Bibliographic record
Abstract
Monsters, by the Latin definition of their name, are omens that portend turbulent times. The pamphlet A Relation of a terrible Monster called a Toad-fish, published in London in 1642, told of “a fiend, not a fish; at the least a monster, not an ordinary creature” which had become entangled in a fishing net and then put on display in London. The creature was described as resembling a giant toad, with a wide, toothy mouth and human characteristics of ribs, hands, and fingers. Discovery of the Thames monster instilled a sense of worry throughout the realm. The landing of the “Toad-fish” was linked in the tract to a bloody encounter that occurred between two well-known members of the British aristocracy fighting on opposing sides at the onset of the Civil War.
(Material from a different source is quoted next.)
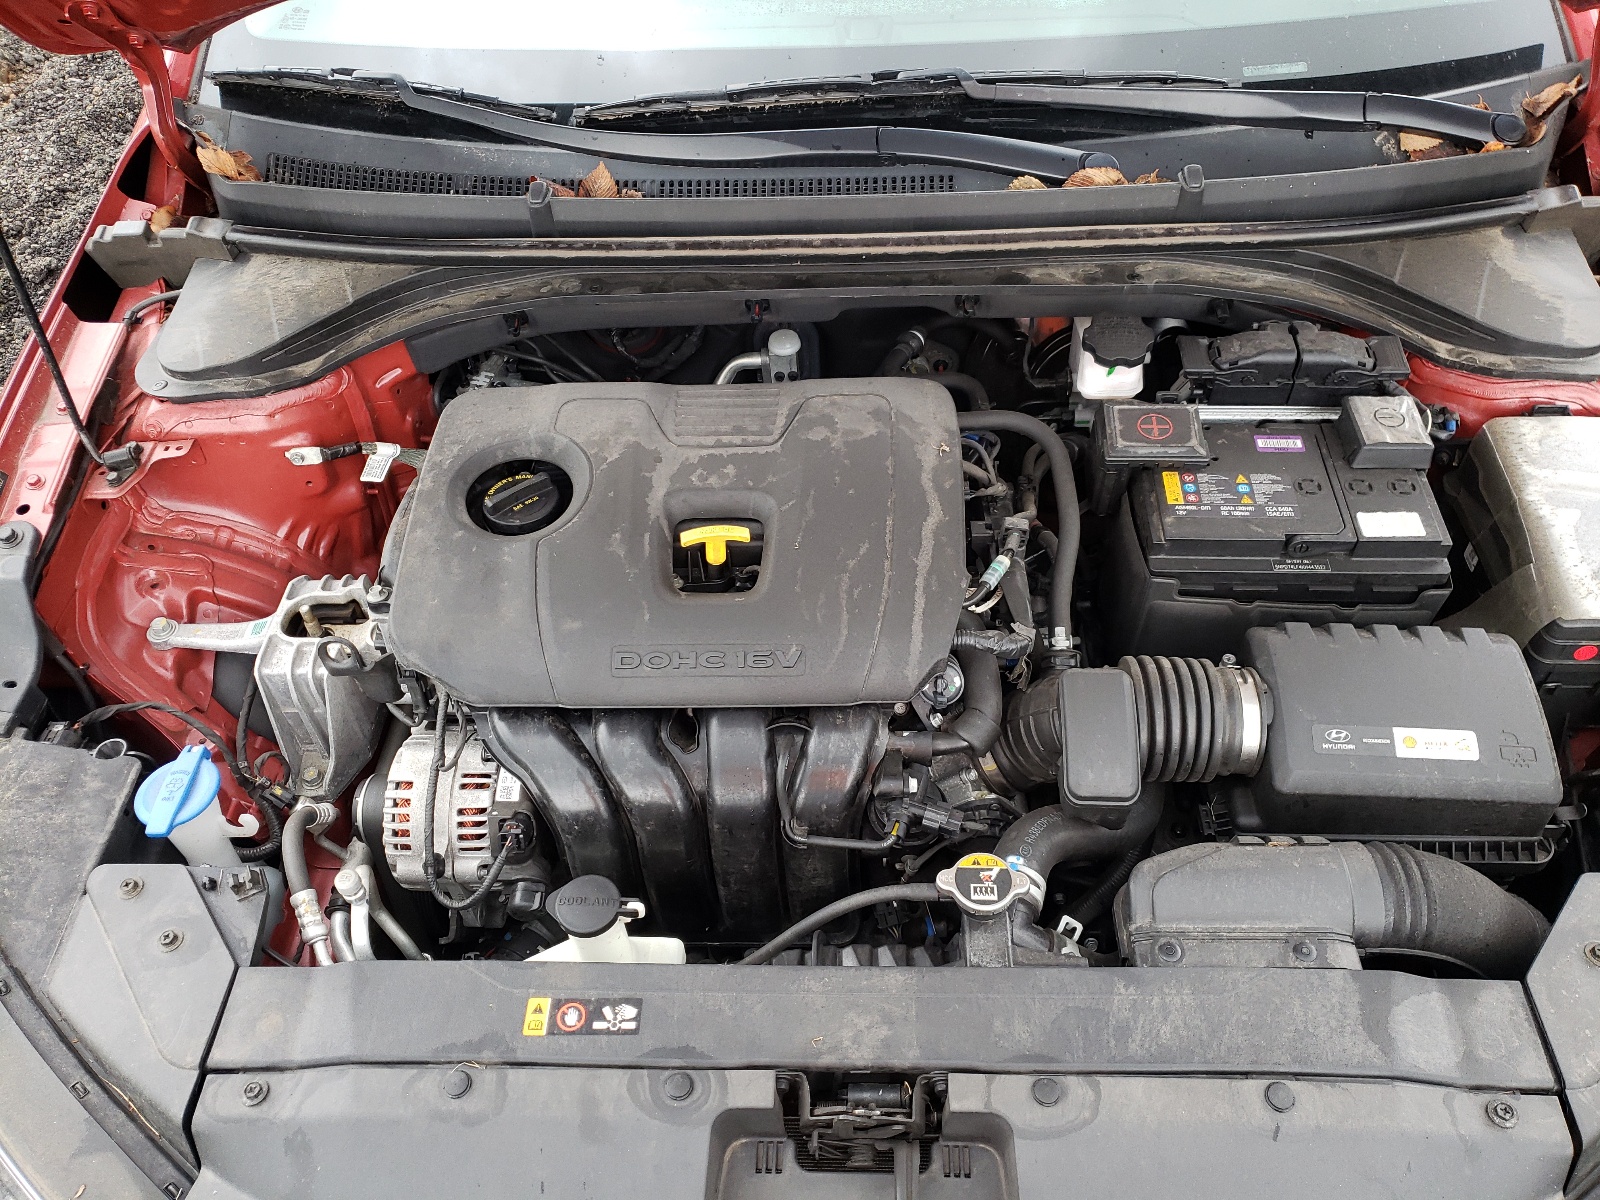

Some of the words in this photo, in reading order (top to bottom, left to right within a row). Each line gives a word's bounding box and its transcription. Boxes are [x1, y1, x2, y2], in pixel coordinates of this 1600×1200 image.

The present paper describes how this vernacular publication was part of a flourishing of providential pamphlets in the 17th century wherein natural anomalies were invested with wider ecclesiastical and political meaning. Also undertaken herein is a review of various candidate species from which to suggest that the mysterious Toad-fish may have been another example of the angelshark’s (Squatina squatina) monstrous alter ego. This is an animal that has previously been suggested as being responsible for the ‘sea monk’ noted in several prominent natural histories of the Renaissance.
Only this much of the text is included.